Elle avait pris le temps de regarder ses options au cours des derniers jours, Sienna. Elle savait que l’activité physique pourrait sans doute lui permettre d’évacuer le stress qu’elle ressentait et, tout dépendant du choix d’activité qu’elle ferait, pourrait sans doute également se donner les outils pour se défendre si besoin était. Si ce n’était pas contre lui, avoir une base d’auto-défense pour quelque situation que ce soit ne pouvait pas lui nuire de toute façon. Alors, entre deux bouchées de pizza, elle avait écumé les pages web à la recherche de l’activité miracle, de l’endroit qui lui conviendrait. Elle s’était fait une liste afin d’avoir quelques options, parce que de lire des critiques sur le net, et de ressentir la vibe en personne étaient deux choses entièrement différentes. Elle avait donc entamé sa petite tournée ce samedi-là, liste en main, avec les questions qu’elle avait écrites quelque part sur son téléphone afin de pouvoir prendre des notes. Si on la savait méthodique dans son travail – elle n’avait pas vraiment le choix, la moindre erreur pouvait avoir des conséquences désastreuses – elle l’était tout autant dans sa vie personnelle. Elle vint donc, après deux premières visites plus ou moins fructueuses, à monter à nouveau dans un bus, en direction du troisième et dernier lieu sur sa liste. Elle descendit à l’arrêt que lui indiquait son téléphone, marcha quelques minutes avant de finalement arriver à destination. Pour une raison qui lui échappait, ce genre de lieu provoquait chez elle un peu de stress. Qu’il s’agisse du regard des autres sur elle, du jugement que l’on pouvait porter à son endroit, ou simplement parce qu’elle n’était pas la plus active, l’inconfort qu’elle ressentit dès qu’elle passa la porte. Quelques pas, et on l’aborda, lui demandant si on pouvait l’aider. Comme quoi, elle semblait probablement perdu, l’expression sur son visage pouvant sans doute s’approcher de celle d’un animal perdu sur la route, aveuglé par les phares d’une voiture, incapable de bouger, trop effrayé. Je viens simplement chercher un peu d’information, voir ce que vous offrez. Qu’elle répondit tandis que son regard scanna son environnement.

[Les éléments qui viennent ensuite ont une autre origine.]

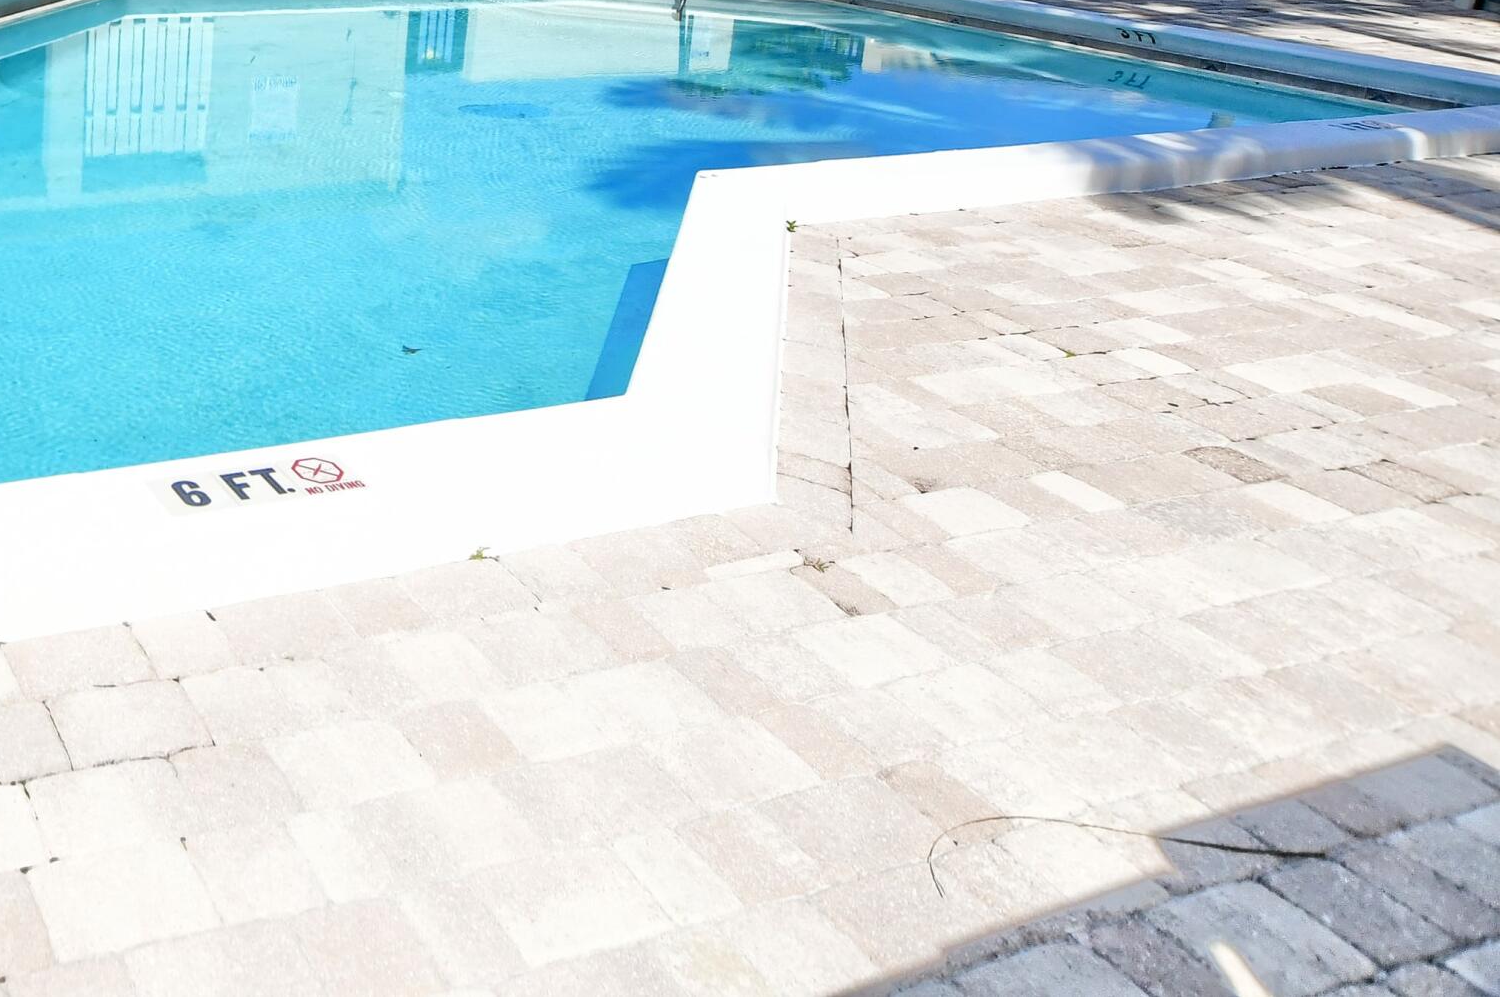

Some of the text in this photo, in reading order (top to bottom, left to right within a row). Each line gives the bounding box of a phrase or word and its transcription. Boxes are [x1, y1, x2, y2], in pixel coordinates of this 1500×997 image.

Dès que Cody franchit les portes de ce lieu qu’il chérit depuis maintenant presque dix ans, il sent une boule de fierté l’envahir, lui rappelant que son rêve est devenu réalité, lui rappelant tout le travail abattu pour en arriver là et tout ce que ce projet a pu lui apporter depuis sa création. Au petit matin, quand il ouvre la salle et se retrouve plongé dans son obscurité et son silence, il prend toujours un petit temps pour regarder chaque recoin, chaque sac, chaque banc. Il veut se rappeler que rien n’est acquis et tout ce qu’il a dû faire pour en arriver là ; par ces instants il peut presque entendre la fierté de son père qui n’a malheureusement jamais eu l’occasion de voir ce lieu mais qui a transmis à son fils la passion du sport, des sports en tous genres. Alors qu’il s’avance dans la salle vide pour retrouver son bureau et y poser ses affaires, chaque pas est empreint de souvenirs, et il prend toujours son temps pour ce premier trajet - le premier d’une longue série dans la journée puisque bientôt, il sera en train de courir à droite à gauche -, profitant de chaque seconde de calme avant la tempête.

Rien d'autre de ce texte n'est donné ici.